| First Author | Ding S | Year | 2023 |
| Journal | Immunology | Volume | 170 |
| Issue | 1 | Pages | 28-46 |
| PubMed ID | 37094816 | Mgi Jnum | J:361473 |
| Mgi Id | MGI:7857031 | Doi | 10.1111/imm.13650 |
| Citation | Ding S, et al. (2023) Deficiency of angiopoietin-like 4 enhances CD8(+) T cell bioactivity via metabolic reprogramming for impairing tumour progression. Immunology 170(1):28-46 |
| abstractText | Angiopoietin-like 4 (ANGPTL4) is a secreted metabolism-modulating glycoprotein involved in the progression of tumours, cardiovascular diseases, metabolic syndrome and infectious diseases. In this study, more CD8(+) T cells were activated to be effector T cells in ANGPTL4(-/-) mice. Impaired growth of tumours implanted in 3LL, B16BL6 or MC38 cells and reduced metastasis by B16F10 cells were observed in ANGPTL4(-/-) mice. Bone marrow (BM) transplantation experiments displayed that deficiency of ANGPTL4 in either host or BM cells promoted CD8(+) T cell activation.
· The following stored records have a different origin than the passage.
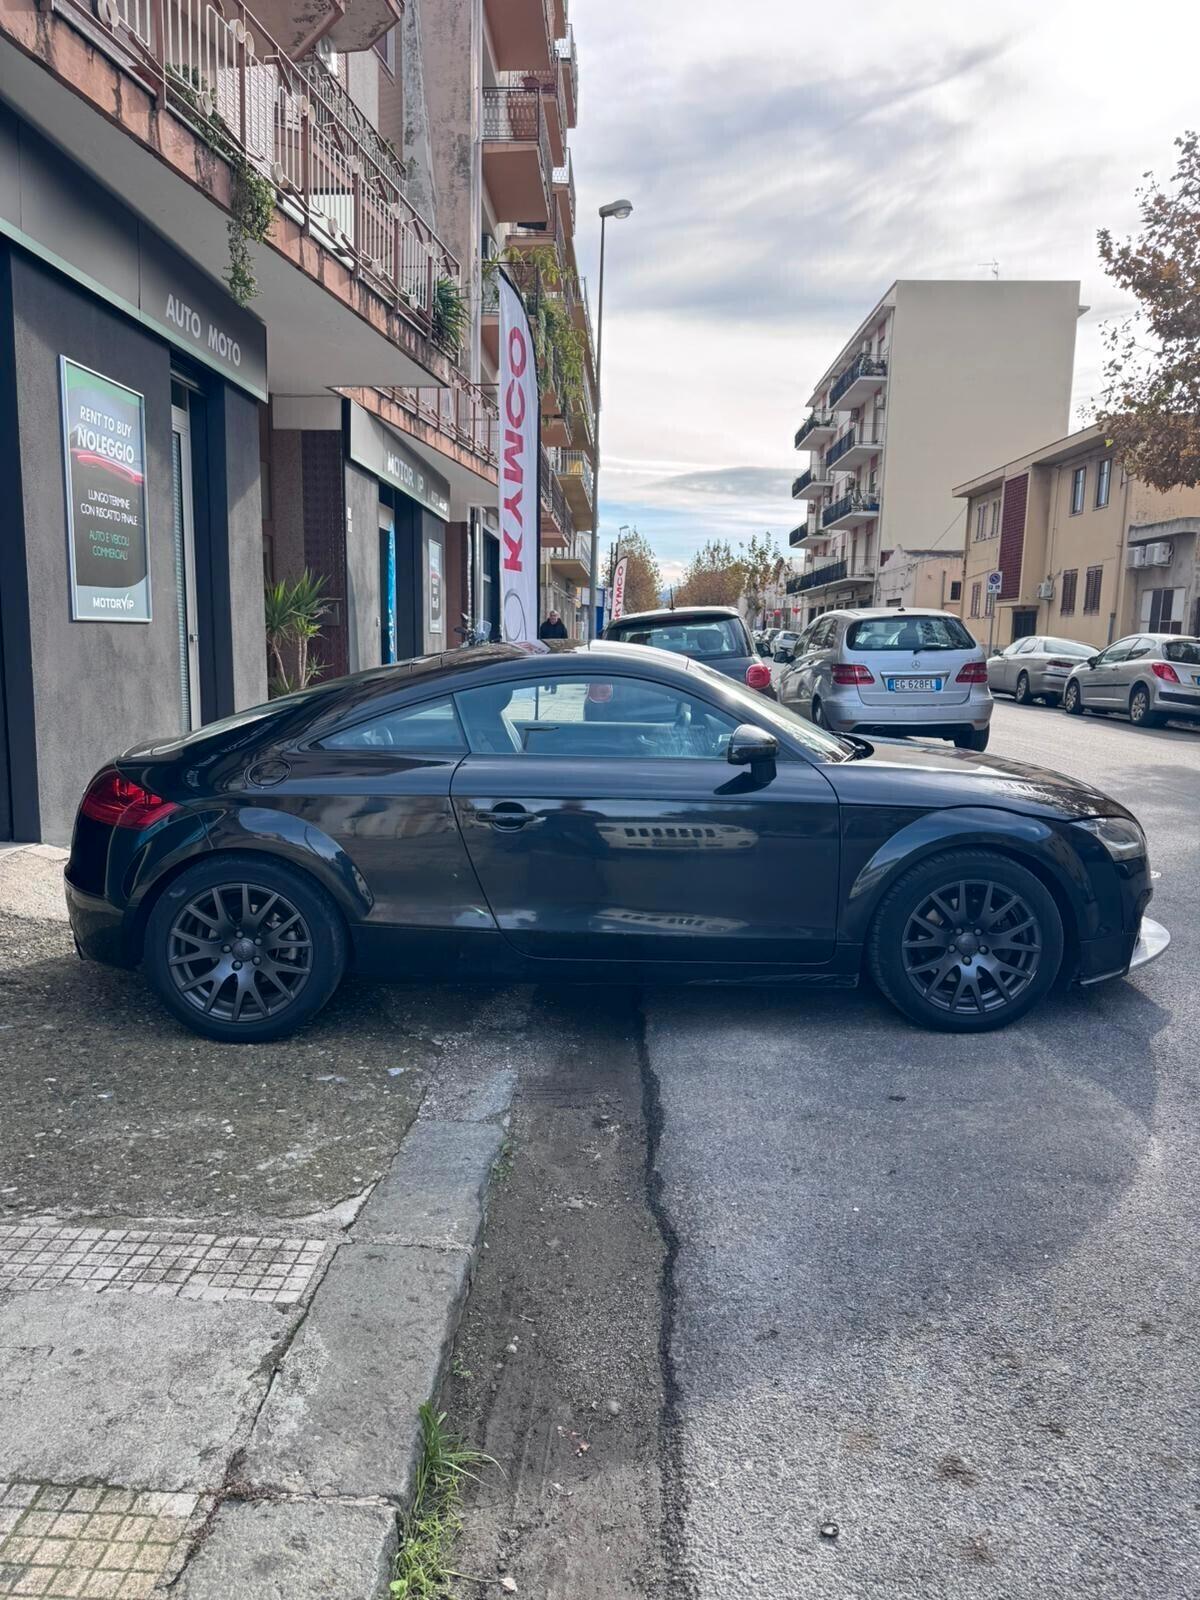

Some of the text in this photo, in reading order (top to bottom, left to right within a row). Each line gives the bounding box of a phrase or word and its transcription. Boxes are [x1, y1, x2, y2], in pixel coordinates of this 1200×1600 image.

[166, 293, 241, 367] AUTO MOTO
[80, 405, 132, 438] RENT TO BUY
[77, 426, 135, 464] NOLEGGIO
[87, 489, 130, 510] LUNGO TERMINE
[80, 502, 138, 526] CON RISCATTO FINALE
[89, 530, 105, 542] AUTO
[105, 532, 110, 543] E
[92, 593, 135, 610] MOTORVIP
[614, 565, 624, 618] KYMCO
However, ANGPTL4 deficiency in CD8(+) T cells themselves showed more efficient anti-tumour activities. Recombinant ANGPTL4 protein promoted tumour growth in vivo with the less CD8(+) T cell infiltration and it directly downregulated CD8(+) T cell activation ex vivo. Transcriptome sequencing and metabolism analysis identified that ANGPTL4(-/-) CD8(+) T cells increased glycolysis and decreased oxidative phosphorylation, which was dependent on the PKCzeta-LKB1-AMPK-mTOR signalling axis. Reverse correlation of elevated ANGPTL4 levels in sera and tumour tissues with activated CD8(+) T cells in the peripheral blood was displayed in patients with colorectal cancer. These results demonstrated that ANGPTL4 decreased immune surveillance in tumour progression by playing an immune-modulatory role on CD8(+) T cells via metabolic reprogramming. Efficient blockade of ANGPTL4 expression in tumour patients would generate an effective anti-tumour effect mediated by CD8(+) T cells. |